Quiso gritar y no pudo. La serpiente avanzaba hacia él hinchando todavía más el cuerpo y aumentando la intensidad y la duración del silbido. Proyectaba la cabeza hacia delante enseñándole unos largos dientes, ganchudos y acanalados, llenos de un veneno mortal. Los ojos de Kilian localizaron el machete a su derecha, sobre una silla. Solo tenía que estirar el brazo y hacerse con él, pero el brazo le pesaba como una viga de madera. Cientos de golpes de martillo le golpeaban las sienes y un gran vacío había convertido su cuerpo en un tronco hueco. Sintió que el sudor le cubría la piel.
Tenía que hacer algo, vencer esa pesadez con la que lo había paralizado el miedo.
Concentró todos sus esfuerzos en los músculos de la garganta y emitió un grito vibrante, como un rugido, que fue subiendo de volumen cuando su mano agarró el machete y lo volteó en el aire con furia para segar la cabeza de la serpiente. Continuó gritando mientras la machacaba y la convertía en un amasijo de carne con una violencia que no podía controlar. La visión de la sangre provocó que la suya, mezclada aún con el aguardiente, comenzara a circular por las venas enviando mensajes de desorbitada euforia a sus sentidos. Pinchó la cabeza con el machete y salió del dormitorio con una rabia desconocida en él.
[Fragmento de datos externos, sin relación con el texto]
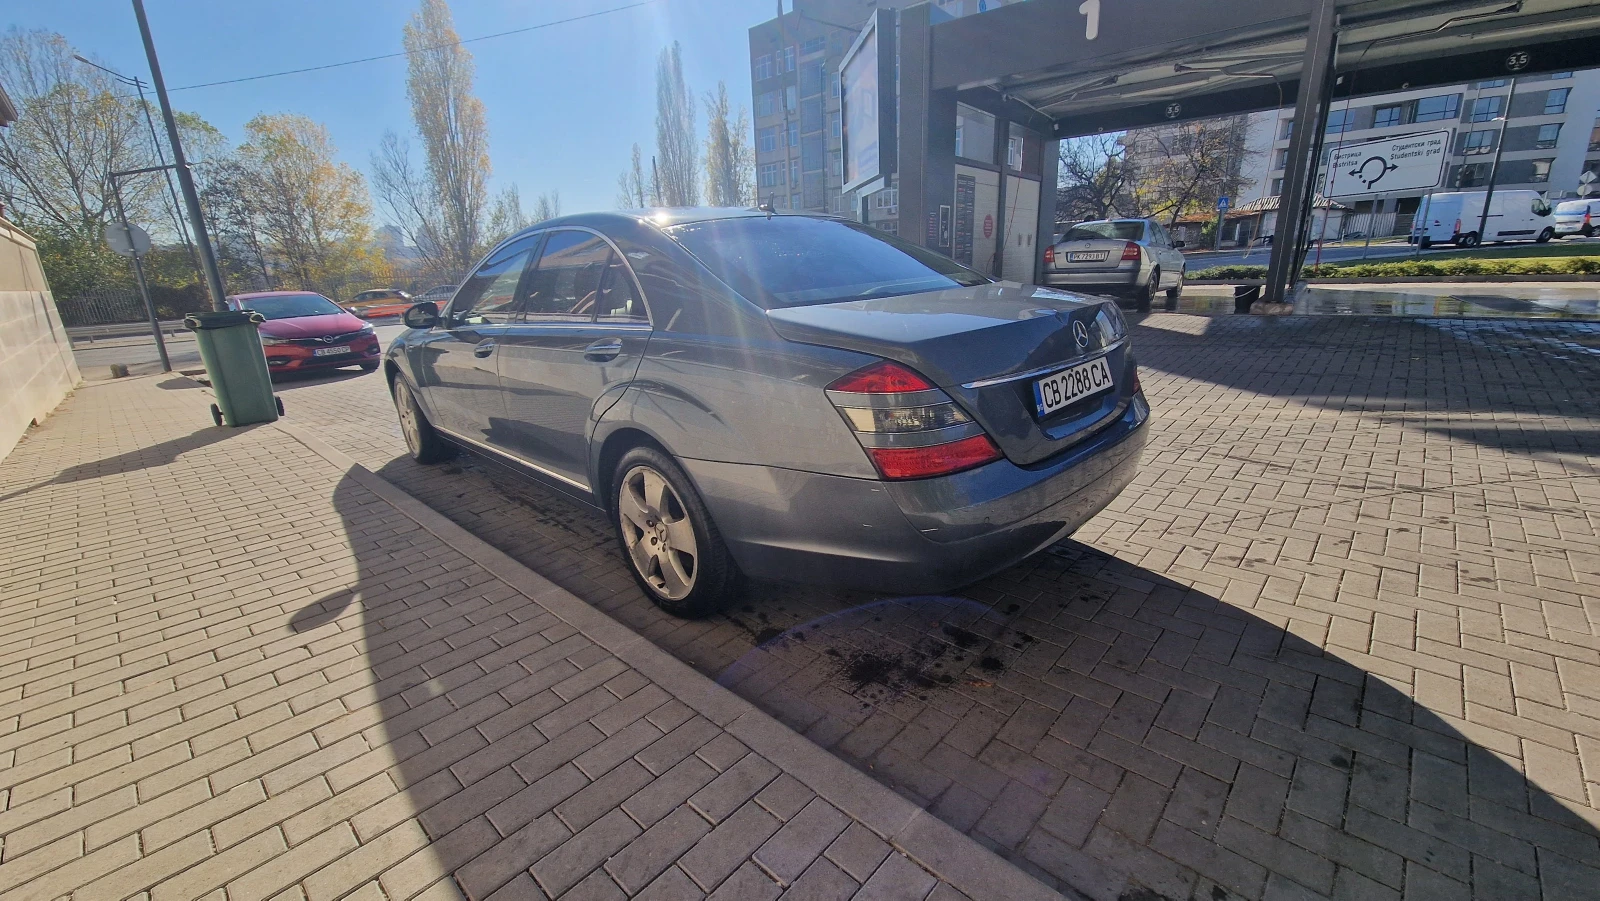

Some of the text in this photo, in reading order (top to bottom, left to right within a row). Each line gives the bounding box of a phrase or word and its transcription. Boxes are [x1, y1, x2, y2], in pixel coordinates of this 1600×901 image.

En la galería se tropezó con Simón, quien corría hacia el dormitorio alertado por los gritos. Lo agarró con la mano libre y lo zarandeó.
—¡Esto no ha llegado a mi habitación por su cuenta! —aulló—. ¡Tú eres el encargado de mis cosas! ¿Quién te ha pagado para que lo hicieras, eh? ¿Quién?
Simón no reconocía al hombre que le atenazaba el brazo con una mano de hierro.
—¡Yo no he sido,
massa
! —se defendió con voz suplicante—. ¡He estado todo el tiempo con usted abajo!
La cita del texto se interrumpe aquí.